**Activity**.
Please write out all of the data below exactly, without including the pictures.

**Given data**.
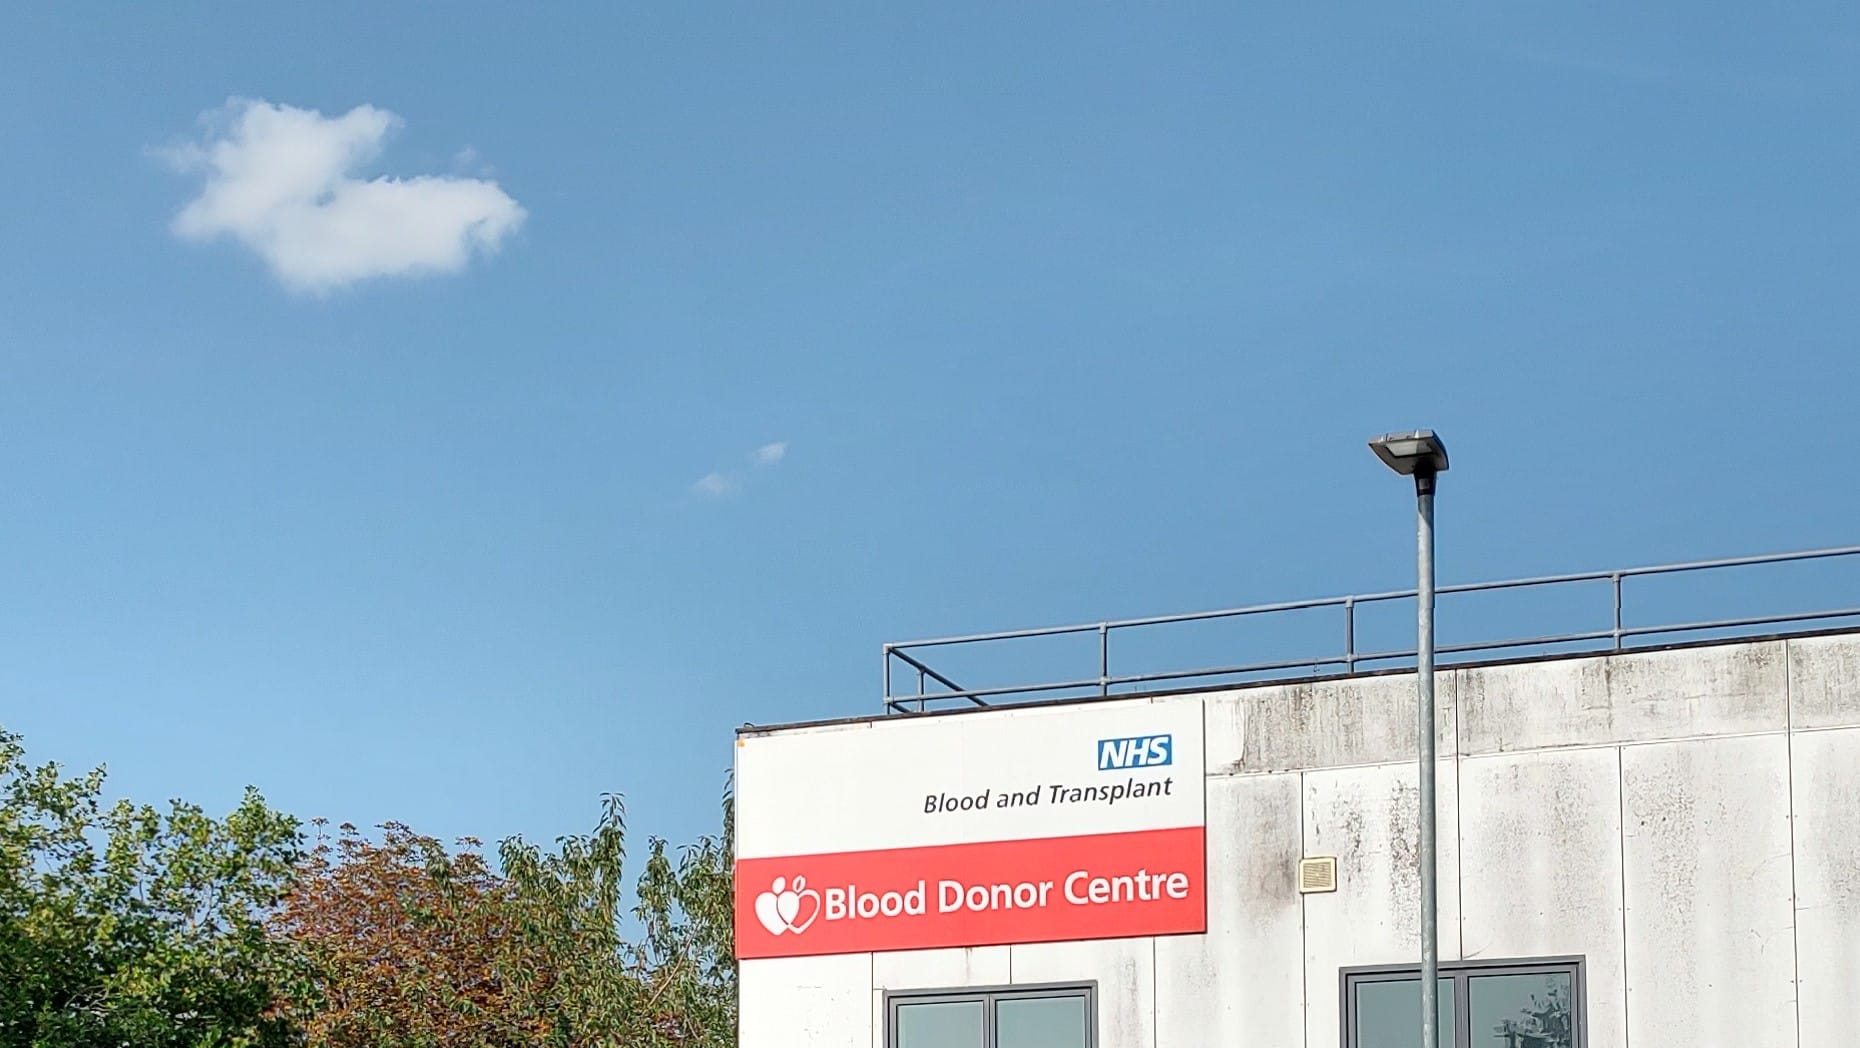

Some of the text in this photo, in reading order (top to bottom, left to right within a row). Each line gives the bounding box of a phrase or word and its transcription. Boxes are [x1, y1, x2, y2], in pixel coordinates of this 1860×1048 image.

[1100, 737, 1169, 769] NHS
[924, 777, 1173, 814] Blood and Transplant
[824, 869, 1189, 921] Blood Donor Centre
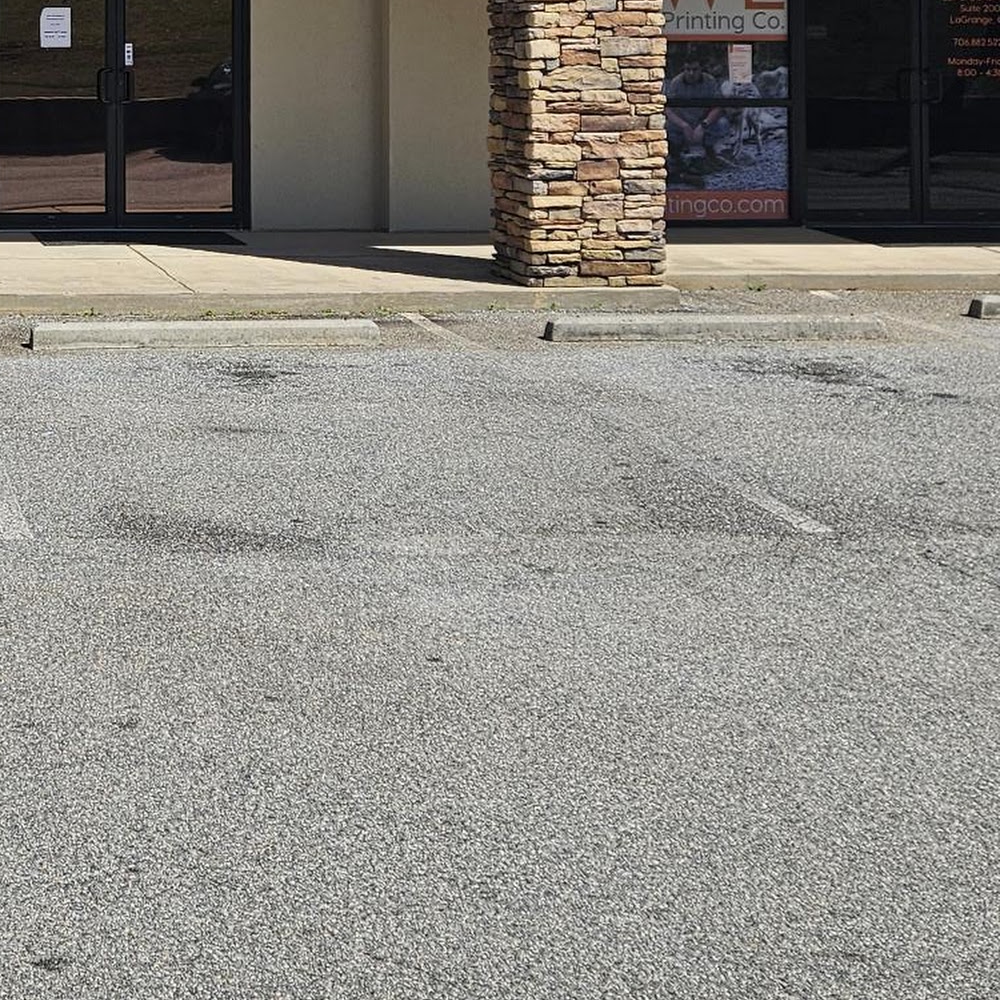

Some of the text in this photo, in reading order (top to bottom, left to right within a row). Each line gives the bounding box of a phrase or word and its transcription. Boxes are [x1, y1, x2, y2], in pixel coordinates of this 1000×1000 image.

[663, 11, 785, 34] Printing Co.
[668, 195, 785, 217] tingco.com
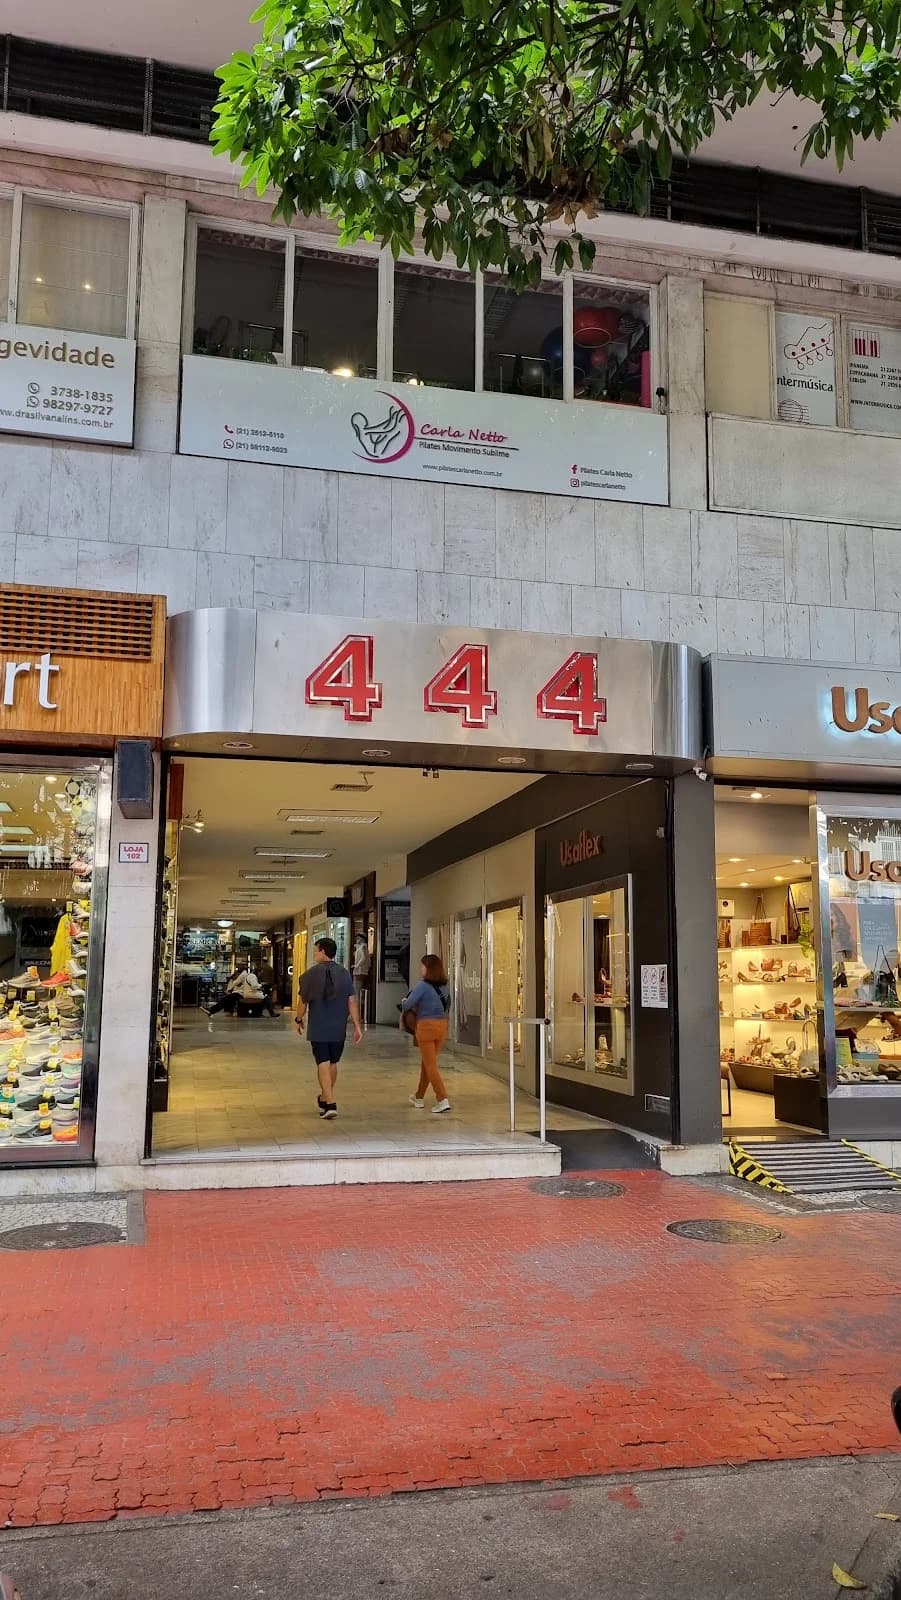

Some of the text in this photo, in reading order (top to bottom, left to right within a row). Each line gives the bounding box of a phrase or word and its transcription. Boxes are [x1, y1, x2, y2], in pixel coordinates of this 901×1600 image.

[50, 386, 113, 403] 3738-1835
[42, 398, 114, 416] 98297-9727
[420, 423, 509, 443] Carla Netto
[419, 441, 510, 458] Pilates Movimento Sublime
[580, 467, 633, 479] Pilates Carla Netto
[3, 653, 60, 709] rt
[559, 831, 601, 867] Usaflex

**Exercise solution**.
Some of the text in this photo, in reading order (top to bottom, left to right within a row). Each line gives the bounding box of a phrase or word and its transcription. Boxes are [x1, y1, x2, y2], in pixel coordinates of this 1860×1048 image.

[1100, 737, 1169, 769] NHS
[924, 777, 1173, 814] Blood and Transplant
[824, 869, 1189, 921] Blood Donor Centre

Some of the text in this photo, in reading order (top to bottom, left to right within a row). Each line gives the bounding box of a phrase or word and its transcription. Boxes are [x1, y1, x2, y2], in pixel coordinates of this 1000×1000 image.

[663, 11, 785, 34] Printing Co.
[668, 195, 785, 217] tingco.com

Some of the text in this photo, in reading order (top to bottom, left to right within a row). Each line gives the bounding box of a phrase or word and its transcription. Boxes are [x1, y1, x2, y2], in pixel coordinates of this 901×1600 image.

[50, 386, 113, 403] 3738-1835
[42, 398, 114, 416] 98297-9727
[420, 423, 509, 443] Carla Netto
[419, 441, 510, 458] Pilates Movimento Sublime
[580, 467, 633, 479] Pilates Carla Netto
[3, 653, 60, 709] rt
[559, 831, 601, 867] Usaflex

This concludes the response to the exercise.